Task objective. An exact copy of all the lines below is required, with every image left out.

Records supplied.
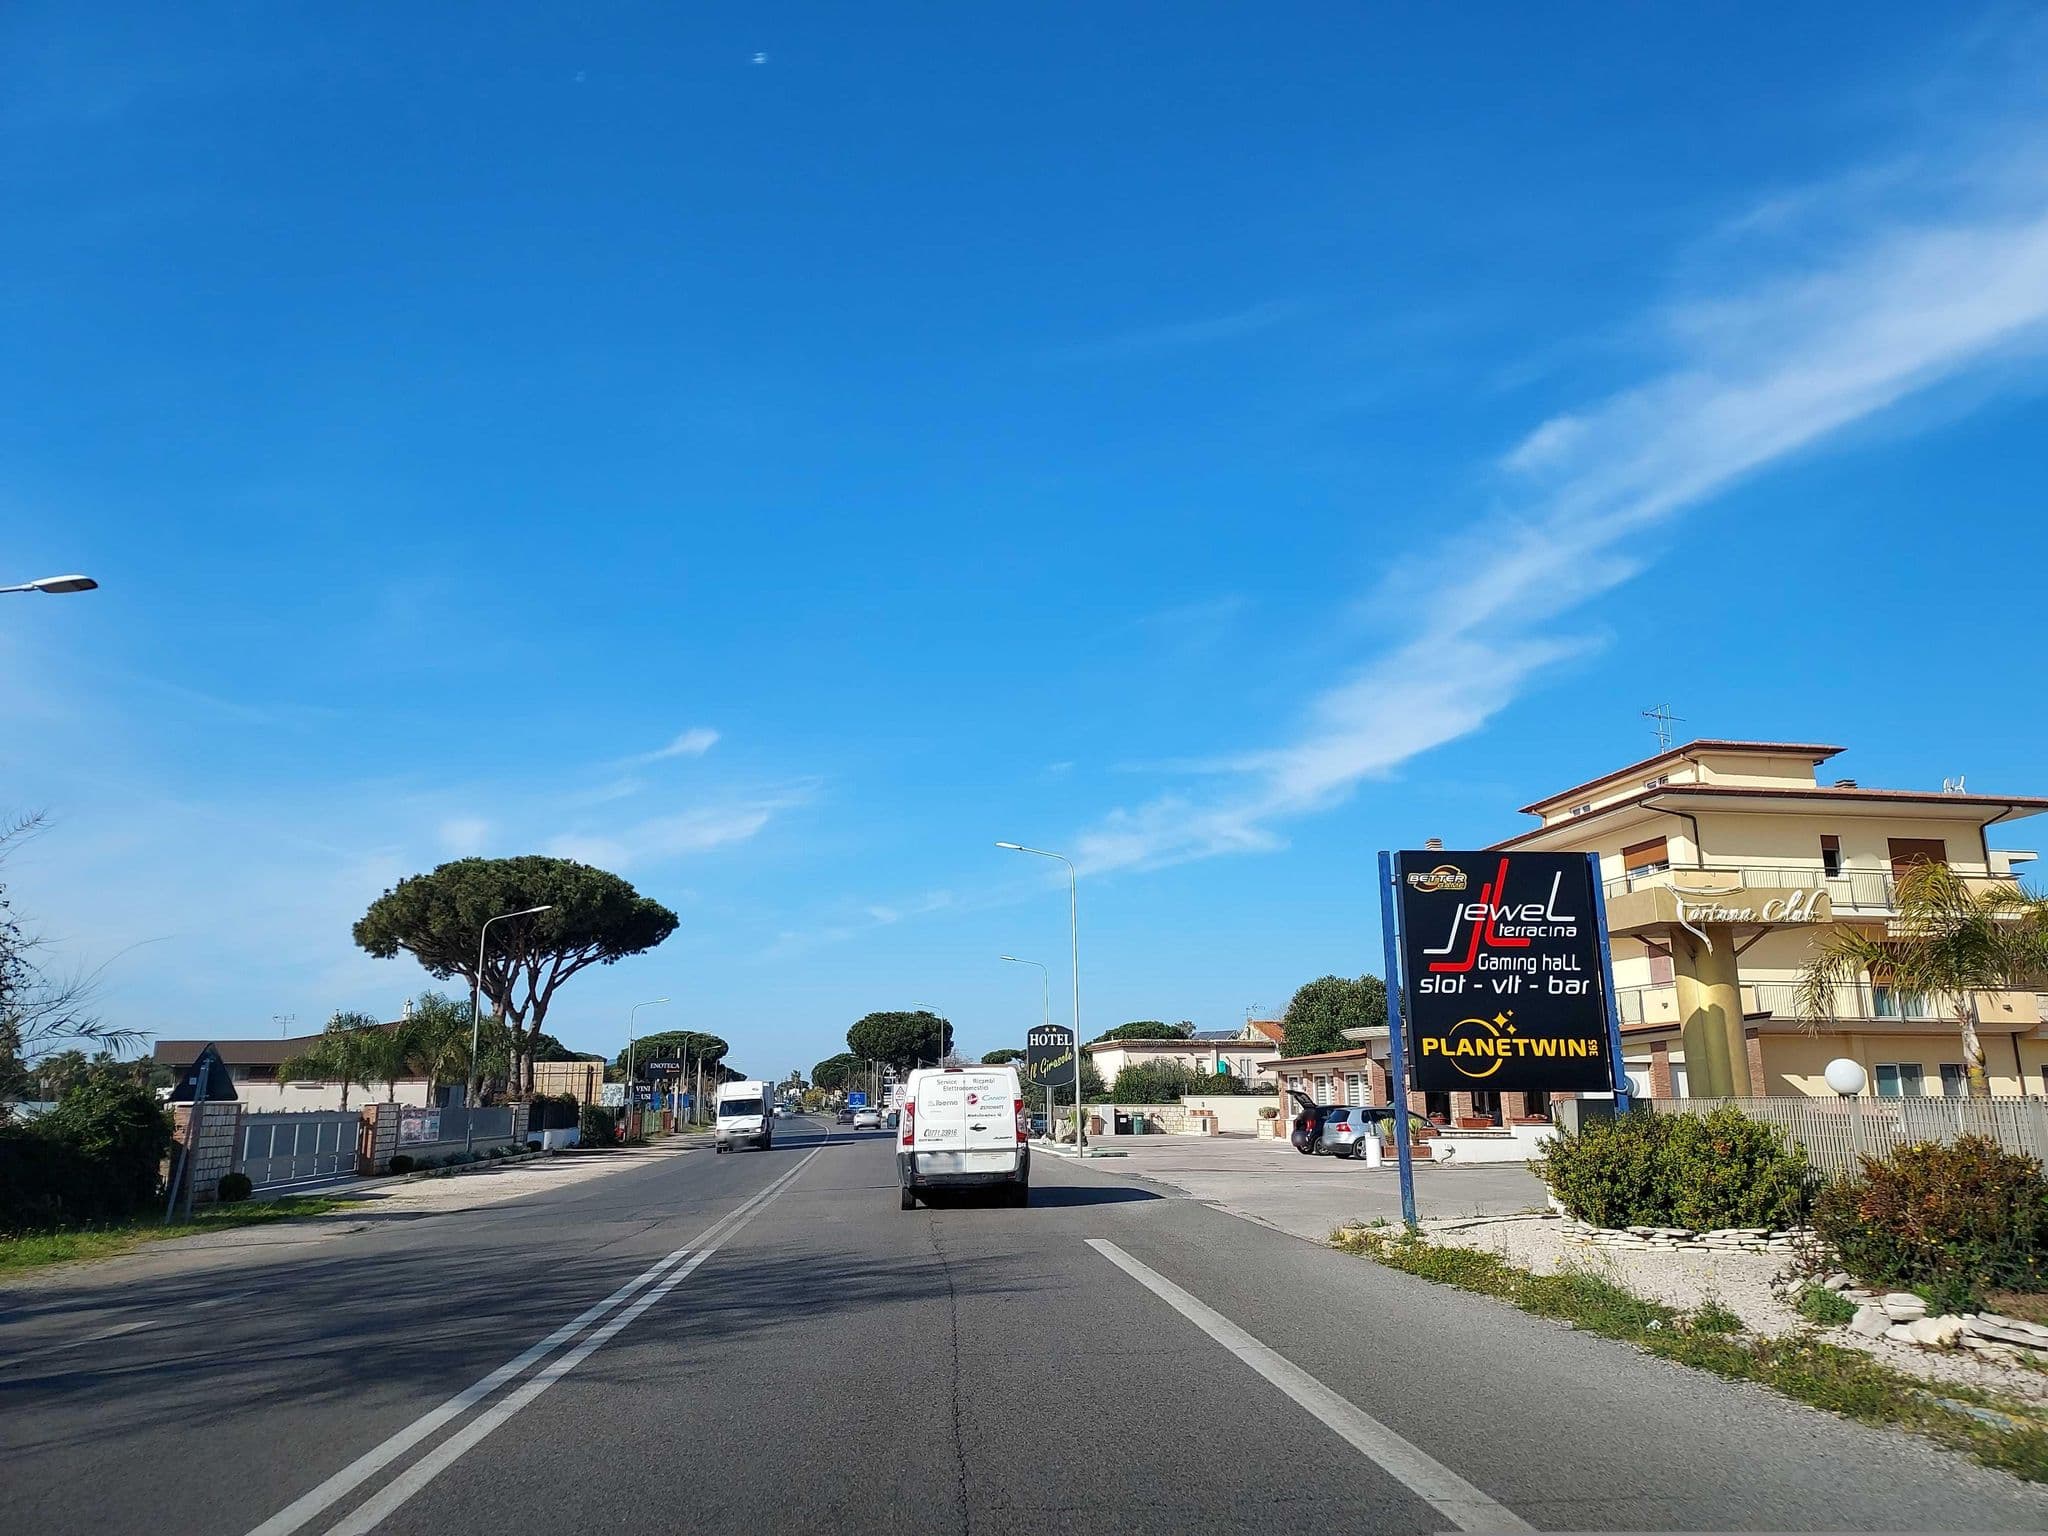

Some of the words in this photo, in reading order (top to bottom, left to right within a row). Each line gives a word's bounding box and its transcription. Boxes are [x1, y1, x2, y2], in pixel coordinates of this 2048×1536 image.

[1409, 874, 1465, 882] BETTER
[1499, 923, 1577, 937] terracina
[1478, 953, 1537, 975] Gaming
[1419, 974, 1466, 994] slot
[1492, 974, 1522, 994] vlt
[1548, 975, 1590, 995] bar
[1029, 1033, 1073, 1046] HOTEL
[1422, 1037, 1588, 1057] PLANETWIN
[1588, 1039, 1599, 1057] 365
[1030, 1062, 1038, 1080] Il
[1040, 1046, 1073, 1078] Girasole

Task solution.
Some of the words in this photo, in reading order (top to bottom, left to right within a row). Each line gives a word's bounding box and its transcription. Boxes are [x1, y1, x2, y2], in pixel coordinates of this 2048×1536 image.

[1409, 874, 1465, 882] BETTER
[1499, 923, 1577, 937] terracina
[1478, 953, 1537, 975] Gaming
[1419, 974, 1466, 994] slot
[1492, 974, 1522, 994] vlt
[1548, 975, 1590, 995] bar
[1029, 1033, 1073, 1046] HOTEL
[1422, 1037, 1588, 1057] PLANETWIN
[1588, 1039, 1599, 1057] 365
[1030, 1062, 1038, 1080] Il
[1040, 1046, 1073, 1078] Girasole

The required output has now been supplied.